By Dr Komal Arora
If your answer is yes and you are using a hearing aid, now could be the time to explore your hearing care options. Even with your hearing aid if you still have to ask people to repeat themselves in quiet situations or if you depend on lip reading to understand conversations, then you may be a good candidate for a Cochlear Implant.
Hearing aids are helpful for the majority of people with hearing loss however for those who have a moderately severe to profound sensorineural hearing loss, even the most advanced and powerful hearing aids may not be enough. In such cases, implantable hearing solutions such as Cochlear Implants can be beneficial in restoring hearing, for both children and adults.
The multichannel cochlear implant was invented by Australian Professor Graeme Clark, who performed the first Cochlear Implant at The Royal Victorian Eye and Ear Hospital in 1978. Since then, over 400,000 people of all ages around the world have benefited from life changing hearing implant technology from Cochlear.
How does a Cochlear Implant work?
Damage to the tiny hair cells in the part of the inner ear called the cochlea, leads to sensorineural hearing loss. Because of this damage, sound cannot reach the auditory (hearing) nerve. A cochlear implant is an electronic medical device that bypasses the damaged hair cells and provides direct electrical stimulation to the hearing nerve in the inner ear.
A cochlear implant has an external sound processor andinternal surgically implanted parts (a receiver and electrodes). The sound processor looks like a behind-the-ear hearing aid. It picks up sounds, just like a hearing aid microphone does, and sends the coded signals to the implanted receiver placed just under the skin, behind the ear.
The receiver takes the coded electrical signals and delivers them along the array of electrodes in the inner ear. The electrodes stimulate the auditory nerve fibres, which deliver signals to the brain, and sound is heard.
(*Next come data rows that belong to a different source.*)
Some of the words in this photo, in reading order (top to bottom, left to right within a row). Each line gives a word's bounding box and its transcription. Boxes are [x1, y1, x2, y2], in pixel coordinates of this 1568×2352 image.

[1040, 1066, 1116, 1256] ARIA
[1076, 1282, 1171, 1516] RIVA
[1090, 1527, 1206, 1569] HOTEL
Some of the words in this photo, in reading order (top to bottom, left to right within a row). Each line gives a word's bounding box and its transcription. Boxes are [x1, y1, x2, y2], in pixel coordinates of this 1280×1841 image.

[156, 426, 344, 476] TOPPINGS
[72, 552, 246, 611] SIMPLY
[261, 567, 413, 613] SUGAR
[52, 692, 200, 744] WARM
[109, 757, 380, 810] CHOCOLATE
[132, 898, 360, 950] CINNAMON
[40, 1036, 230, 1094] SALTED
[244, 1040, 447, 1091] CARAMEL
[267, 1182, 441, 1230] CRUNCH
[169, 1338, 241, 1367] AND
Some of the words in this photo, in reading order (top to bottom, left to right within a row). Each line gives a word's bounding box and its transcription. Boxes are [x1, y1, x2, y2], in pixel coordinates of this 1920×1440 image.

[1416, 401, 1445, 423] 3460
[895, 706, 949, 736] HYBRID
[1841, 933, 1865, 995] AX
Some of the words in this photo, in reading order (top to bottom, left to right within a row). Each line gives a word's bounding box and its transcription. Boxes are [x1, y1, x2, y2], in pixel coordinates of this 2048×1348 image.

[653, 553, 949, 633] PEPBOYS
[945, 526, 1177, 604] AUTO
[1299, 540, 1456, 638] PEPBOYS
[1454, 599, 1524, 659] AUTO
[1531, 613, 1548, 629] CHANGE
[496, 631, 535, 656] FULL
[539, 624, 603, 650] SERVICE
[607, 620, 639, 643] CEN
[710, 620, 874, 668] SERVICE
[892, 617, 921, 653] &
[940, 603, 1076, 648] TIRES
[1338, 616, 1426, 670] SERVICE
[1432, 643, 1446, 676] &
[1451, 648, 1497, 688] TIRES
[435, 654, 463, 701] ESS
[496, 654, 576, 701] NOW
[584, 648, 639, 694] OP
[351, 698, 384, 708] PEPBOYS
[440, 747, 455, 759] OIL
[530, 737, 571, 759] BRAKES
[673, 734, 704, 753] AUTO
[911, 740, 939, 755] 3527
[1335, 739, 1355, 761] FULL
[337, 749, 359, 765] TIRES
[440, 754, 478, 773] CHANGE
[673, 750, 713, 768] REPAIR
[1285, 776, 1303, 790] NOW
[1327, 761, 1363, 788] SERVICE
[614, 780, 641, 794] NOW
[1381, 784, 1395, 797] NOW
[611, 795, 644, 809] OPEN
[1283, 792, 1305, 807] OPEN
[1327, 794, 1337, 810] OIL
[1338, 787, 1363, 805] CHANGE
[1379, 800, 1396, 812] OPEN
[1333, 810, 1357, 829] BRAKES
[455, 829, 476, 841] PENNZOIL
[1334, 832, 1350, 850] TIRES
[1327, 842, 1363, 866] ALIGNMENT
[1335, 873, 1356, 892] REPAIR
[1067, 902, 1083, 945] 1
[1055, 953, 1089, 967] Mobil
Crucial considerations for children with hearing loss:
When considering the solutions that could help your child, it’s important to take into account all the options and opportunities. Hearing aids can help most children with mild to moderate hearing loss. However for children with a moderately severe to profound sensorineural hearing loss, even the most powerful and advanced hearing aids may not help. When this is the case, an implantable solution may be a good option for your child.
For young children who are deaf or severely hard-of-hearing, implantation while young exposes them to sounds during this crucial early period of their lives when they are developing speech and language skills.
Helping adults with hearing loss
The sooner you receive a Cochlear implant, the sooner you can start hearing, interacting and enjoying your life to the full. Instead of the isolation and loneliness that often accompanies significant hearing loss, you can look forward to rediscovering the activities that you may have abandoned because of your hearing. You won’t just reconnect with the world of sound, but with a whole wide world of enjoyment and opportunity.
Receiving a Cochlear Implant
The team at a specialist cochlear implant centre assesses whether a cochlear implant is the right solution for a hearing impaired person. The assessment involves audiological, medical and psychological tests. Additional assessments on speech and language development are conducted for children.
The surgical procedure takes 1-3 hours. Tens of thousands of Cochlear Implant surgeries are performed every year in a straightforward surgical procedure. You can discuss any concerns you may have regarding the surgery with your surgeon and hearing care team.
Within a few weeks of surgery, your audiologist will be able to activate your cochlear implant. They will program the device to suit your unique hearing needs, fine tuning the settings over a few follow-up sessions.
Outcomes and benefits
Research has shown that people with Cochlear Implants achieve an average of 80% sentence understanding, compared with 10% sentence understanding for hearing aids. They can hear better in noisy environments, hear better on the phone, have greater music appreciation and they feel safer, as they can hear alarms and vehicles. They learn to associate the sounds they hear via their Cochlear Implant System with the sounds they remember.
How can you get a Cochlear Implant?
The Cochlear Implant Clinic at the Royal Victorian Eye and Ear Hospital is a great place to start, providing surgery and pre and post-operative care. Over 2,000 patients have received a Cochlear Implant through the clinic.You can also speak to your GP or your hearing care professional about Cochlear hearing solutions.
It’s your time to reconnect with your family, friends and community and get back what you’ve been missing.
(Dr Komal Arora (PhD) is a Senior Research Audiologist at Cochlear Limited.)